Le film X-Men de Marvel Studios, prévu pour 2028, assemble bien plus que l’équipe d’origine. Et c’est sans doute sa meilleure idée.
En bref
- La nouvelle First Class ne se limitera pas aux X-Men classiques.
- Marvel veut montrer des mutants aux vécus très différents.
- Ces différences devraient créer des tensions au sein de l’équipe.
Le reboot cinématographique de la franchise X-Men prévu pour 2028 donne un signal plutôt malin. Marvel Studios ne semble pas vouloir filmer la « First Class » comme un musée vivant, avec cinq visages iconiques bien rangés et basta. Franchement, pour une franchise qui parle de rejet, d’identité et de rapports très inégaux au pouvoir, c’était la bonne décision.
La First Class, oui, mais pas en vase clos
Dernier mouvement de casting, Asa Germann jouera Warren Worthington III, alias Angel. Il avait d’abord auditionné pour Scott Summers, rôle finalement confié à Kit Connor. Scott, Warren et Jean Grey appartiennent tous aux cinq membres fondateurs dans les comics, et Sadie Sink reprendra bien Jean après Spider-Man: Brand New Day.

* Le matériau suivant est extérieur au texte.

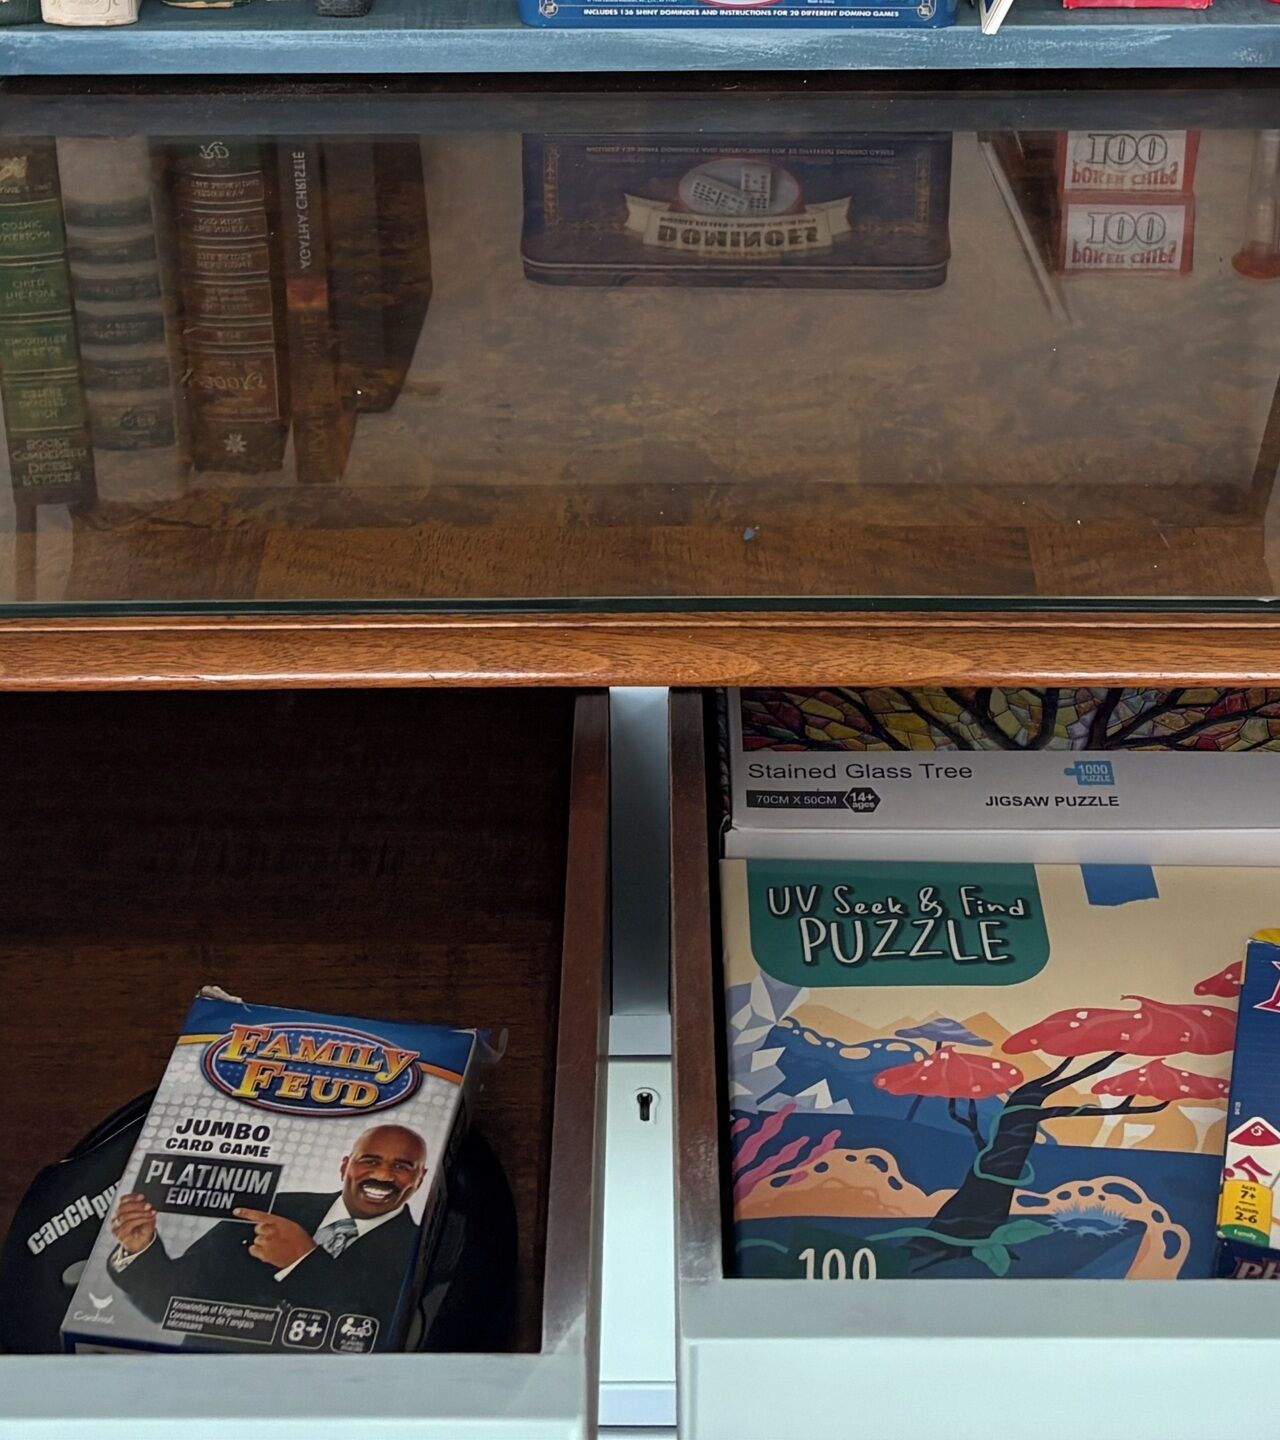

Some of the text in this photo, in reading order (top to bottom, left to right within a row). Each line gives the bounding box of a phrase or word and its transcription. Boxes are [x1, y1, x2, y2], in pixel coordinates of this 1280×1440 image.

[748, 763, 973, 780] Stained Glass Tree
[1078, 764, 1108, 776] 1000
[1081, 774, 1111, 782] PUZZLE
[985, 796, 1120, 807] JIGSAW PUZZLE
[768, 885, 1025, 917] UV Seek & Find
[799, 917, 1008, 964] PUZZLE
[220, 1023, 420, 1083] FAMILY
[231, 1059, 378, 1108] FEUD
[176, 1118, 271, 1142] JUMBO
[165, 1138, 271, 1158] CARD GAME
[145, 1160, 272, 1195] PLATINUM
[166, 1185, 234, 1209] EDITION
[798, 1248, 877, 1280] 100
[289, 1320, 322, 1341] 8+

Du coup, pas mal de fans imaginent déjà la First Class complète, avec encore Henry McCoy, alias Beast, et Bobby Drake, alias Iceman, à annoncer.
Sauf que le film X-Men de Marvel Studos ira clairement plus loin. Lors du panel de Marvel Studios au San Diego Comic-Con, le studio a confirmé Emma Frost, Ororo Munroe, alias Storm, et Rogue, incarnées par Samara Weaving, Mara Boyd et Inde Navarrette. À leurs côtés, on trouvera aussi Professor Charles Xavier, joué par Christopher Abbott, ainsi que Mister Sinister sous les traits d’Adam Driver. Et oui, Emma ou Rogue pourraient d’abord être du côté antagoniste, comme dans leurs débuts papier.
Le vrai problème des premiers X-Men
La First Class a posé les bases mythologiques des X-Men. Mais comme seule équipe, elle a ses limites. Les premiers comics signés Stan Lee et Jack Kirby n’ont d’ailleurs jamais eu l’impact immédiat d’un Spider-Man ou des Fantastic Four.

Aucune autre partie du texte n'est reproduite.